Casi todas ellas podrían ser otra cosa muy distinta y hasta la opuesta, si de ese fondo se extirpara o arrinconara como un objeto de atrezzo al amor y quedase autónomo. El film de Paul Vecchiali sería una divertida comedia múltiple, el de Aki Kaurismäki una triste comedia absurda, los de Vincente Minnelli y Richard Quine, unos (aún más) devastadores retratos de la penúltima América de Eisenhower, el de Vincent Gallo ilustraría inquietantemente el deambular de un psicópata, el de Mizoguchi Kenji tornaría a drama con madre hithcockiana, el de Manoel de Oliveira se alejaría de Victor Hugo para acercarse a Balzac, el de Mauro Bolognini se quebraría por su parte hacia el cine de su buen amigo Pier Paolo Pasolini, el de Gosho Heinosuke sería aún más ambiguo y ya no se sabría cómo de intencionadamente (y, claro, de manera superficial al opacarse el primer plano de atención) lésbico, el de John Huston sería tildado antes de "nórdico" que de costumbrista...

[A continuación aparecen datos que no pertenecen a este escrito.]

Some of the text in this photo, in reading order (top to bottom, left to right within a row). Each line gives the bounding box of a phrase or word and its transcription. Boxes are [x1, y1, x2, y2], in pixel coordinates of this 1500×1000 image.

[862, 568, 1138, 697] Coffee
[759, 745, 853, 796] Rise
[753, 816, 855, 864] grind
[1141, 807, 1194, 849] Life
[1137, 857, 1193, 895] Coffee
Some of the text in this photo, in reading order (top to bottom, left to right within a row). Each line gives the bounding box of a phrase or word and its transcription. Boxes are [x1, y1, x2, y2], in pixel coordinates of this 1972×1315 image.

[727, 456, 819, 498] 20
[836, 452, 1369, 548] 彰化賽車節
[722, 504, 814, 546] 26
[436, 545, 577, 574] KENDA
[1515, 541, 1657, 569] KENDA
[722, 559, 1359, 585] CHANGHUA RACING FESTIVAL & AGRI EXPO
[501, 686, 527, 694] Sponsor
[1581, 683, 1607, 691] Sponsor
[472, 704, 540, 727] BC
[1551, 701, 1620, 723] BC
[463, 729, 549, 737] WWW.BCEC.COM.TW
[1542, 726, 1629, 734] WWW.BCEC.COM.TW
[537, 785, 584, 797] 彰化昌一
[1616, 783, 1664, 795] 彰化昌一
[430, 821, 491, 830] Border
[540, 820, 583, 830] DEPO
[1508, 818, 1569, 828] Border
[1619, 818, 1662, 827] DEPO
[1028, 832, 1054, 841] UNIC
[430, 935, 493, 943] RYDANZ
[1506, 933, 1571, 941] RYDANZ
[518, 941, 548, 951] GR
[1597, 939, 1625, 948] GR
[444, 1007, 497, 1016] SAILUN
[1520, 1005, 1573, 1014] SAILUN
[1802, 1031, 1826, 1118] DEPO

Como nadie puede saber cuándo ni dónde
llegará el momento propicio en que revelará lo que se recordará cuando ya no esté entre los vivos, tal vez sea la ausencia de carácter testamentario que tienen obras de vejez de cineastas conscientes de que difícilmente volverían a rodar, lo que otorga una especial exaltación y vigor a esta película deslumbrante, tan carnal y tan poco redentora que es un imposible film final.
En otoño de 1985, cuatro meses después de su estreno en
junio, efectivamente moría de un ataque al
corazón Urayama Kirio, tras haber completado
tan solo nueve de las doce películas que solía decir iba a filmar.

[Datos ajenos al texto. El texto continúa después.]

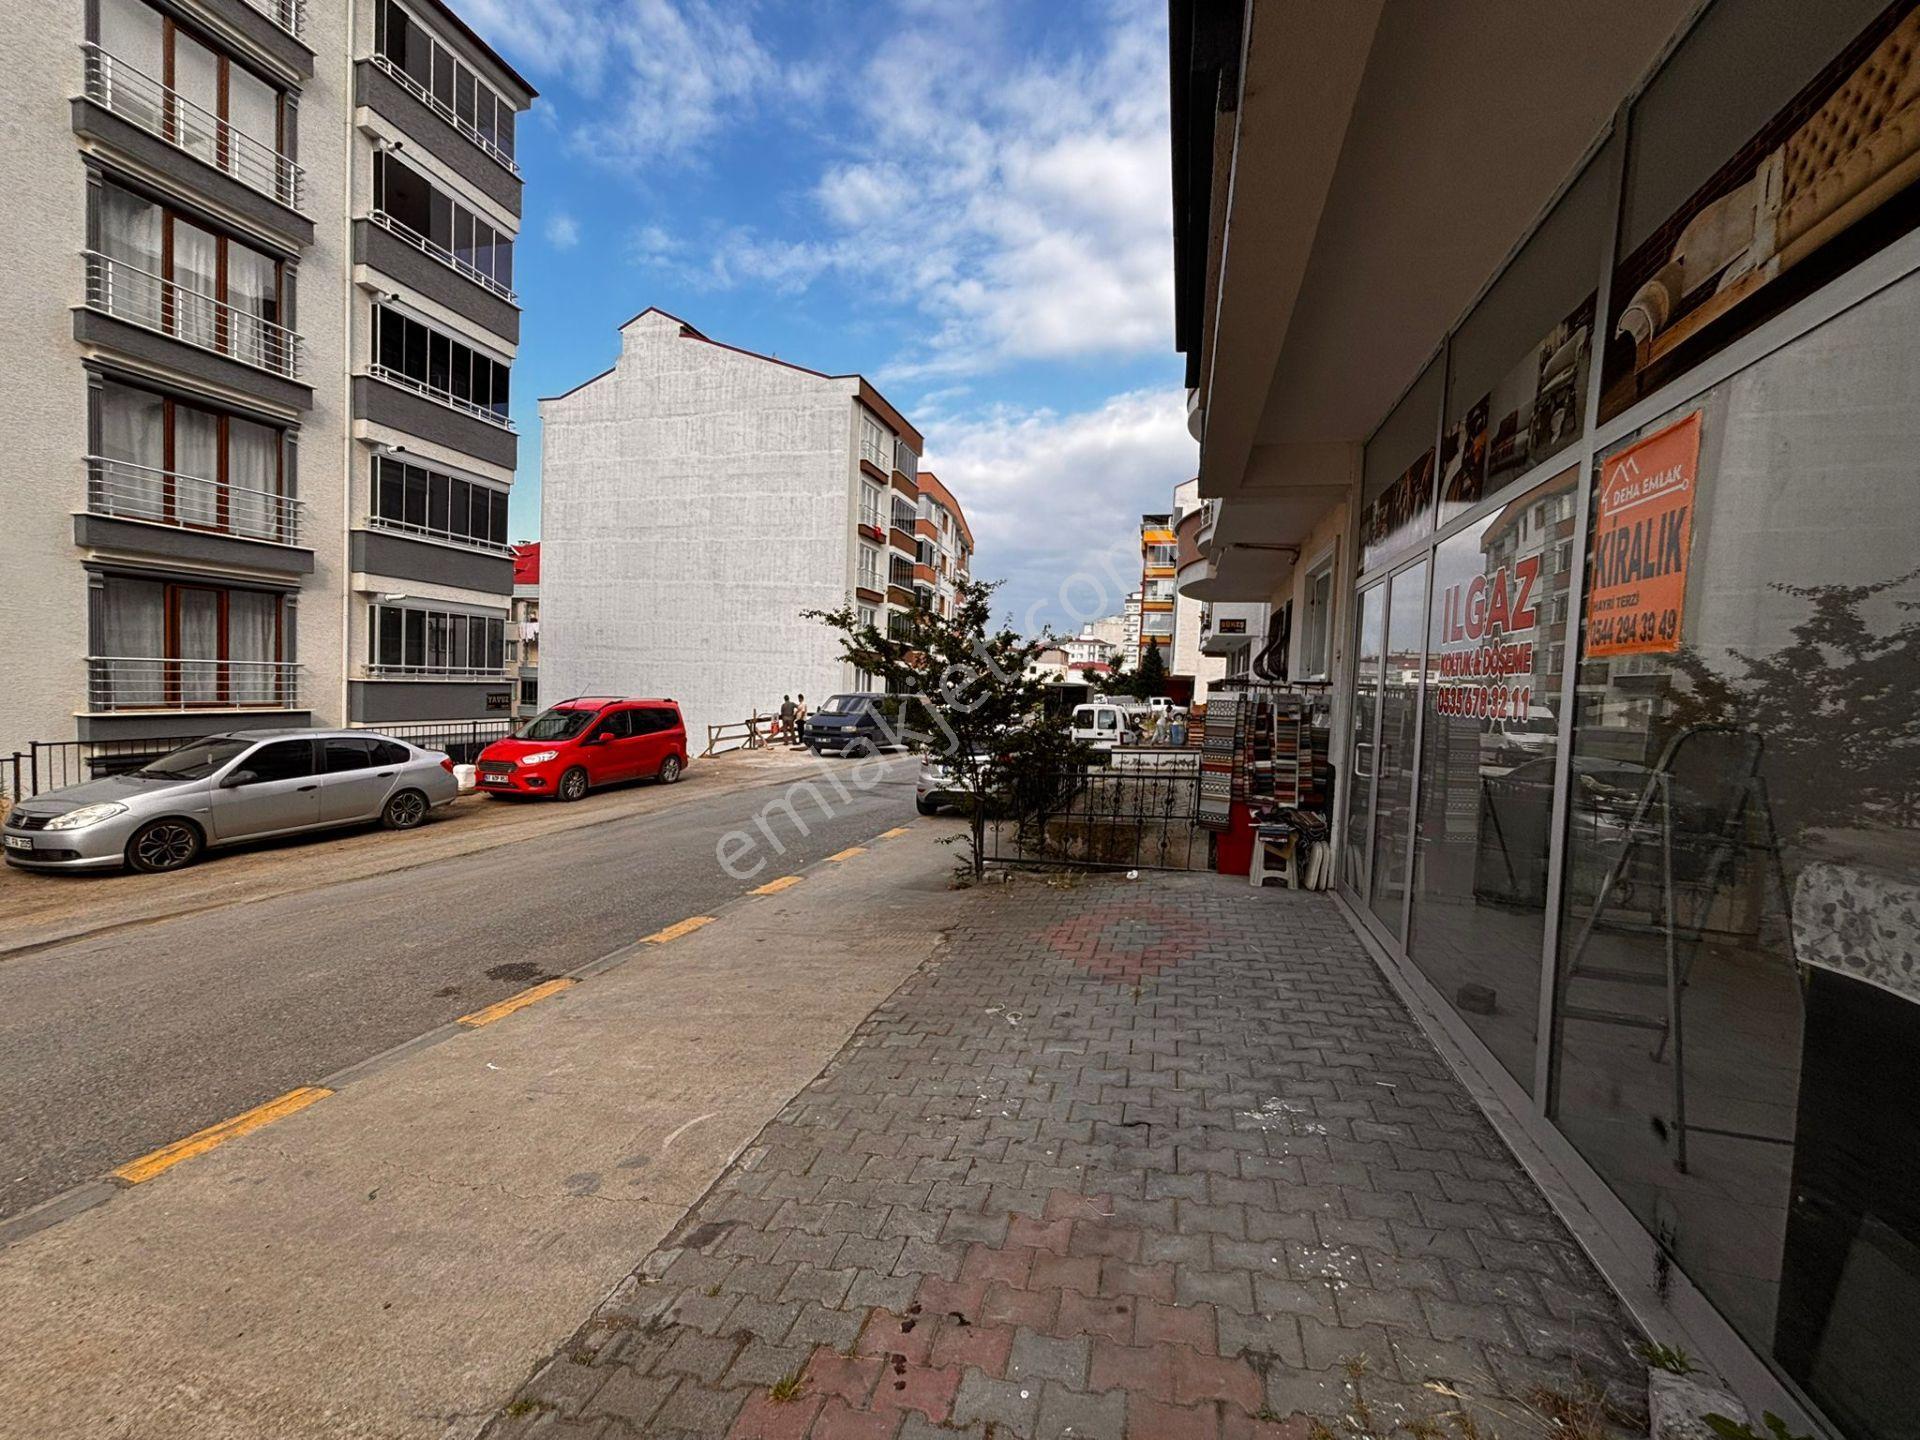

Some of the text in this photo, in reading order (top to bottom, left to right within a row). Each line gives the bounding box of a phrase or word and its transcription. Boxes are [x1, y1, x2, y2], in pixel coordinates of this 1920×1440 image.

[1613, 464, 1683, 506] DEHA EMLAK
[1594, 506, 1687, 590] KİRALIK
[1441, 553, 1540, 646] ILGAZ
[1616, 612, 1638, 644] 294
[1640, 611, 1656, 642] 39
[1659, 609, 1677, 640] 49
[1440, 650, 1473, 679] KOLTUK
[1482, 638, 1533, 685] DÖŞEME
[1438, 685, 1531, 723] 0535 678 32 11

Tenía cincuenta y cinco años.
Se había embarcado Urayama dos años antes en
el primer proyecto más ambicioso de su vida, dos décadas después
de su debut y aún deseoso de dirigir las obras que pudieran convertirlo
en el cineasta que una vez quiso ser, cuando compartía estudios y
amistades con Oshima y Yamada, Kawashima, Imamura y Yoshida. La expedición, seria y analítica, por las procelosas aguas del pinku eiga de ”Anshitsu” es una incursión muy extraña a su trayectoria - que había
llegado hasta la animación -, alejada de ese género del que muy pocos colegas de su
generación se libraron.“Yumechiyo nikki” es también un diario como "Anshitsu", pero solo un momento de cada dos porque se lleva los fotogramas volando el fondo del que hablaba; en realidad se trata de una retrospectiva, que pudo ser fúnebre o elegíaca - una enfermedad terminal provocada por la radiación atómica recibida antes del nacimiento - y no es rosa pese a sus títulos de crédito de ese color (y al fondo la nieve, como en "An affair to remember") ni a partir del minuto cincuenta y cuatro cuando él carga con ella, desfallecida, a la espalda, una escena de mayor erotismo que todas las protagonizadas por geishas o modelos desnudas para oficinistas borrachos y pintores de más dudosa moral aún.
Cómo es capaz de filmar Urayama, como si se tratase de un genuino diagonale, el acuciante drama de esta incomparable actriz, Yoshinaga Sayuri, combinarlo con un misterio escurridizo que aparece en los últimos meses de su vida y no perder de vista el humor del entramado de historias cruzadas de cuantos fueron sus amigos y amigas, retribuye como si este cineasta hubiese al fin culminado una carrera de obras en imparable ascenso. A veces basta una sola película para decirlo todo y de hecho demasiadas veces sobran todas menos las que no hacen profesión ni oficio, todas menos en las que subyace un verdadero motivo.